伝えること、伝わること-狼少年の恋模様-

作者: ぽてとこ

伝えたいことがあった。

伝えなければならないことがあった。

それなのに、伝えられなかった。


もし。

私の考えがあっていれば。


彼を信じて。彼の言葉を信じて。

もう一度、伝えることができるかもしれない。




佐藤公子さとうきみこが小学4年生の時に、大神真一おおがみしんいちは転校してきた。


父親の転勤で越してきたという彼は、どこか冷めた顔をしていた。

転校初日だというのに、緊張したそぶりも見せず、淡々と自己紹介をし、指定された席に着く。

クラスメイト達は、そんな彼を休み時間に囲んで質問攻めにした。

公子の学校では、転校生が多くはなかったからだ。皆、珍しかったのだろう。

その輪に入らなかった公子にも、会話の内容が聞こえてきた。


「大神君、どこから来たの?」

「へー、東京?東京って、芸能人いっぱいいるって本当?」

「会ったことあるの!?すごいなー」

「転校、これが初めて?」

「すごい、もう10回以上もしてるんだ!」

「今までどんなところ行ったの?」


真一はあっという間に人気者になった。

しかしその後、あっという間に孤立した。


彼は、嘘つきだったのだ。




「おい大神、お前、この間言ってたこと、嘘だったんだな」


クラスの中で一番体が大きく力が強い男子が、真一をにらみながら言った。


「何のこと?」

「とぼけるなよ。昨日俺たちが話してた時に、お前が横から言ったことだよ」

「ああ、あれ?信じたの?」


馬鹿にしたような物言いにかっとなり、真一は胸ぐらをつかまれる。


「ふざけんなよお前」

「ふざけてないよ。
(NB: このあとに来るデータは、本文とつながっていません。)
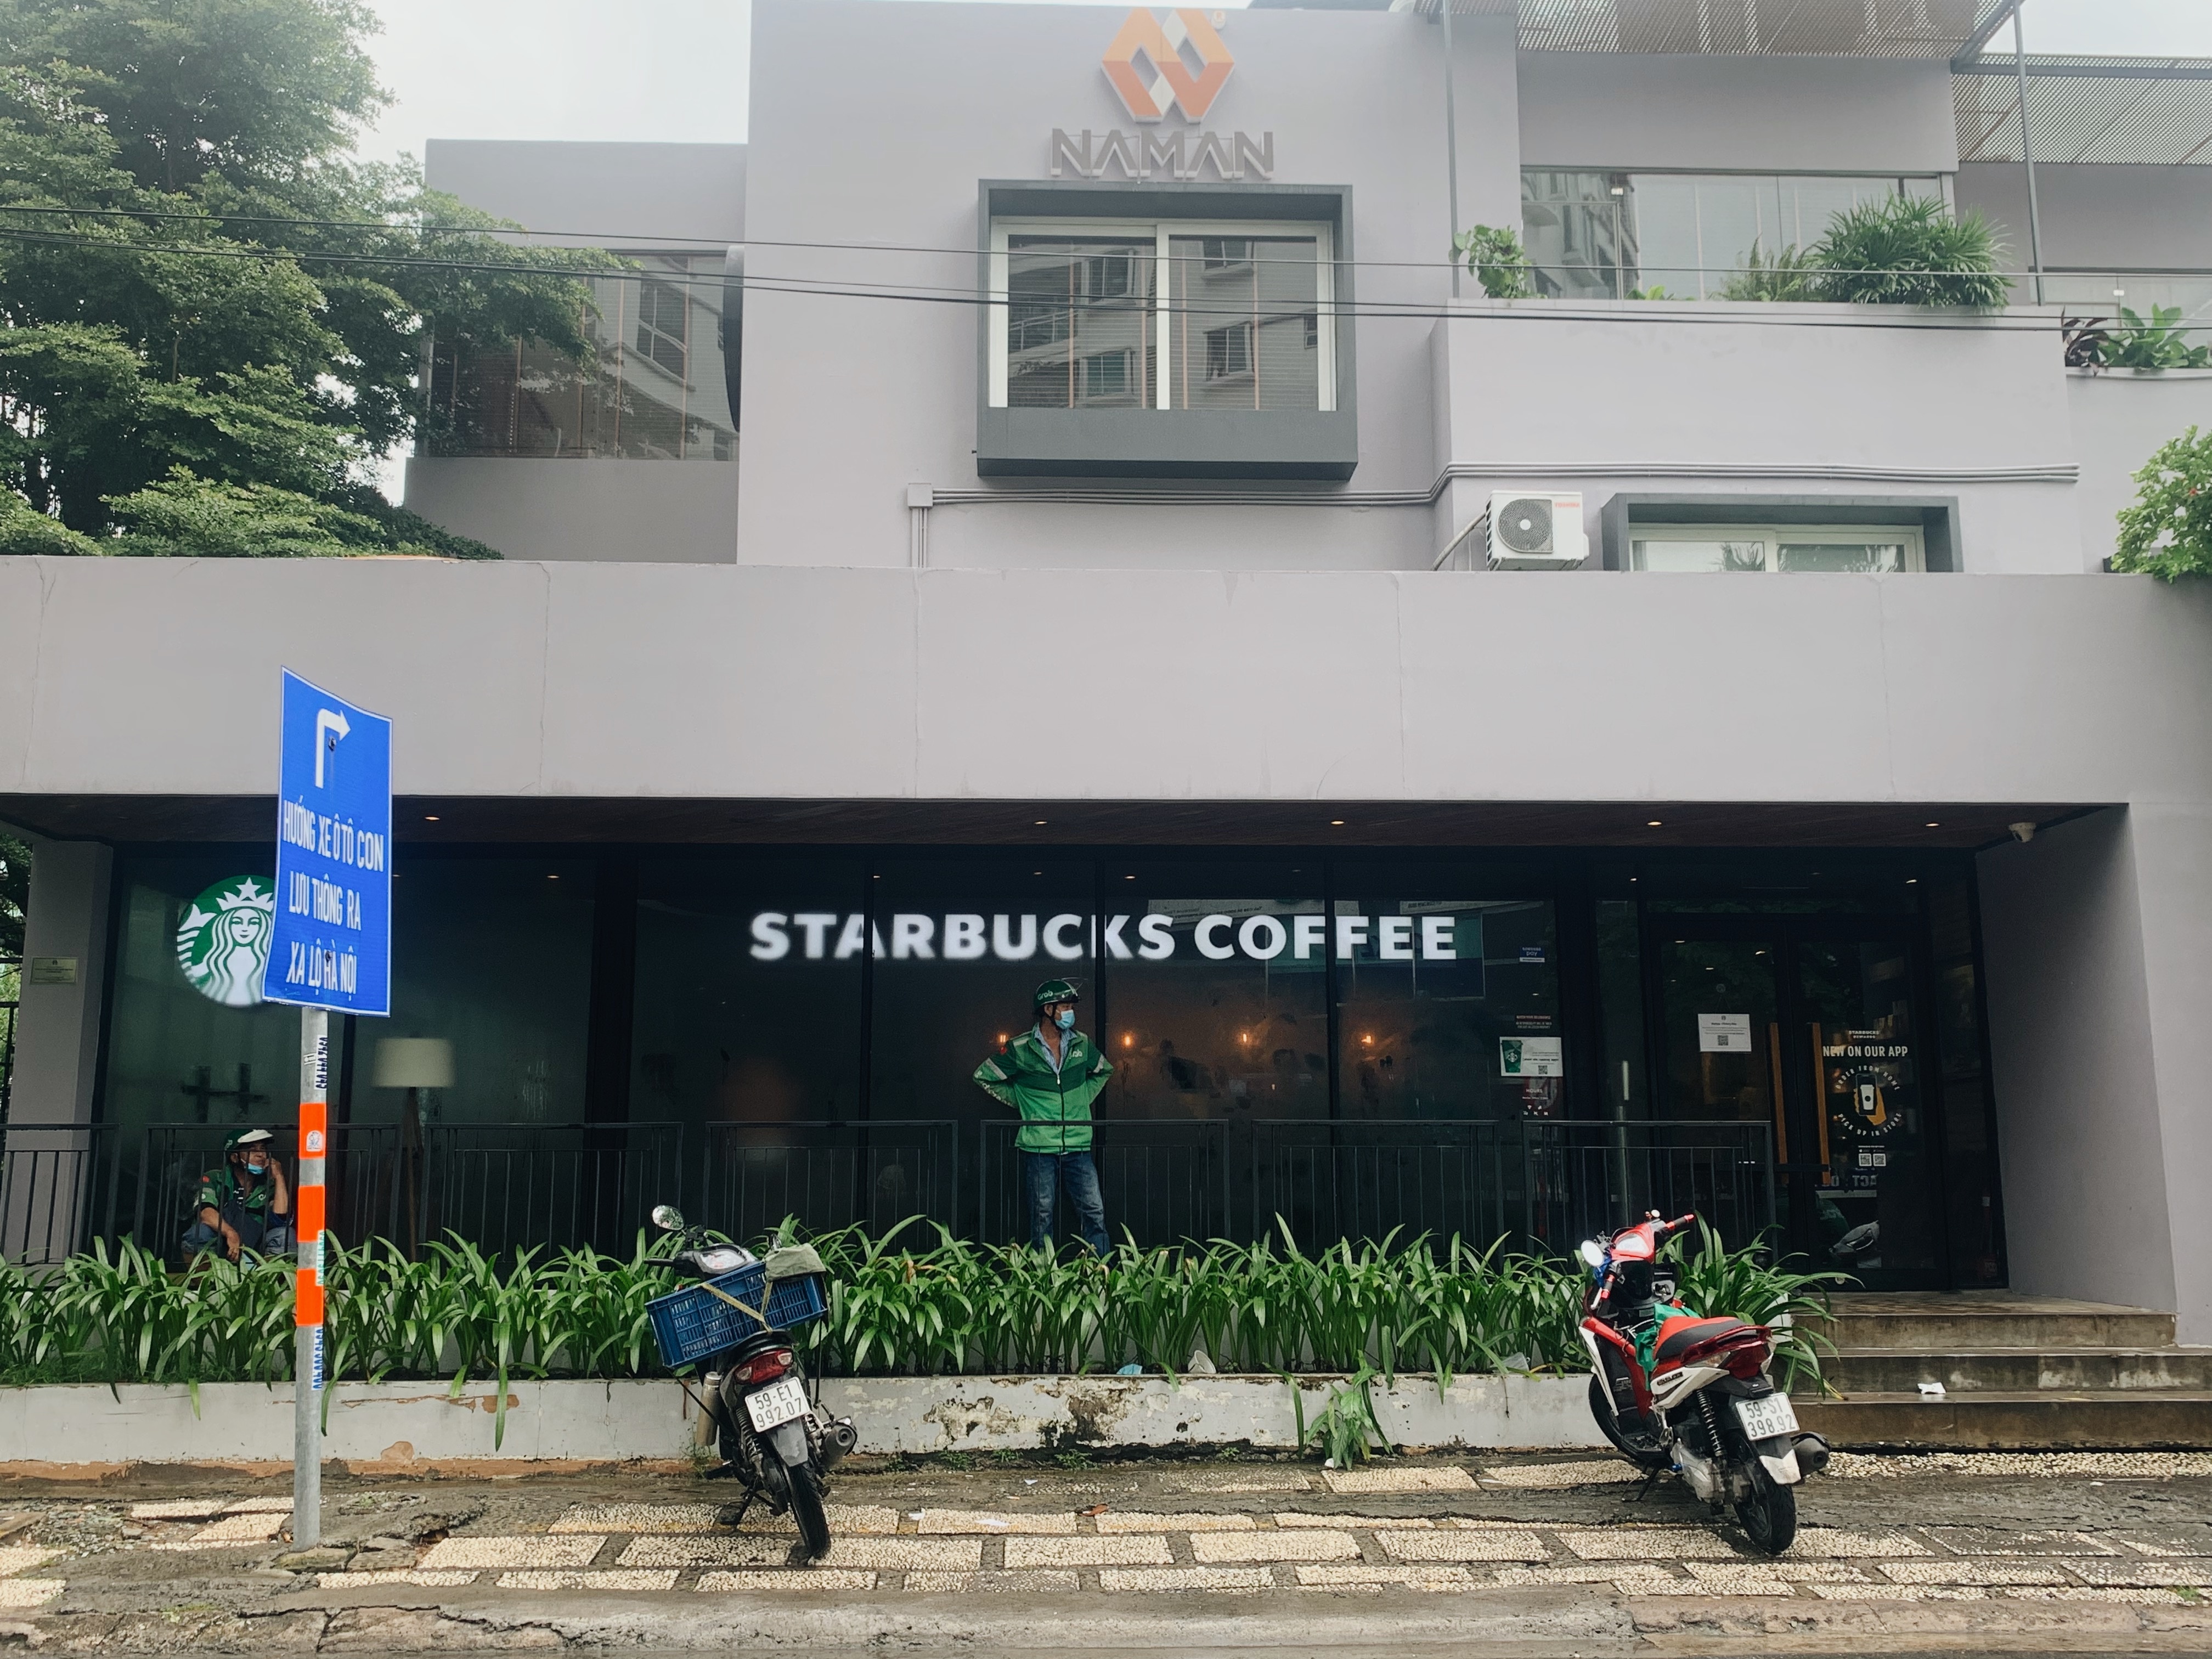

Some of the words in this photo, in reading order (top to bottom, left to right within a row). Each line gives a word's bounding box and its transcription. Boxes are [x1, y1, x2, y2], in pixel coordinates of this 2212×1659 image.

楽しそうに話してたから、もっと盛り上がるように話してあげただけ」


その時、ちょうど担任が入ってきたため、それ以上大事にならずに済んだ。

しかしその後も、似たようなことが続いた。


真一はあちこちで、嘘をつき続けたのだ。

次第に、公子のクラスでは当たり前のように言われるようになった。


『大神真一は大嘘つきだ』と。




公子は夕方、児童館の図書室から帰る途中に、河原に座っている人影を見つけた。


真一だった。


公子はそれまで、一度も真一と話したことがない。

人と話すより、本を読むことが好きな公子は、教室にいてもいつも本を読んでいた。


本の世界は楽しい。

どうしてこんなに楽しい世界を描けるのかと不思議で仕方がない。


そして、公子は本に感じていることを、真一にもまた、感じていた。


「大神君」


気付いたら、公子は自分から後ろ姿に声をかけていた。

ゆっくりと振り向いた顔はやはり、大神真一のものだった。


「・・・誰?」

「同じクラスの、佐藤公子です」

「そう」

「大神君、何してたの?」

「宇宙人と交信」

「え、え、すごい!お話しできるの?それで、宇宙人は何て!?」


公子の返答が意外だったのか、真一は少し目を見開いたように、公子を見た。


「大神君?」

「あんた、知ってるだろ。オレが何て呼ばれてるか」

「知ってるよ。それで?」

「それでって・・・」


聞き返され、真一の方が口ごもってしまう。


「私にとっては関係ないよ。大神君が本当のことを話してるのか、想像したことを話してるのか」


その言葉の真意を探るように、真一は公子の目を見た。公子は、まっすぐに見つめ返しながら、続けた。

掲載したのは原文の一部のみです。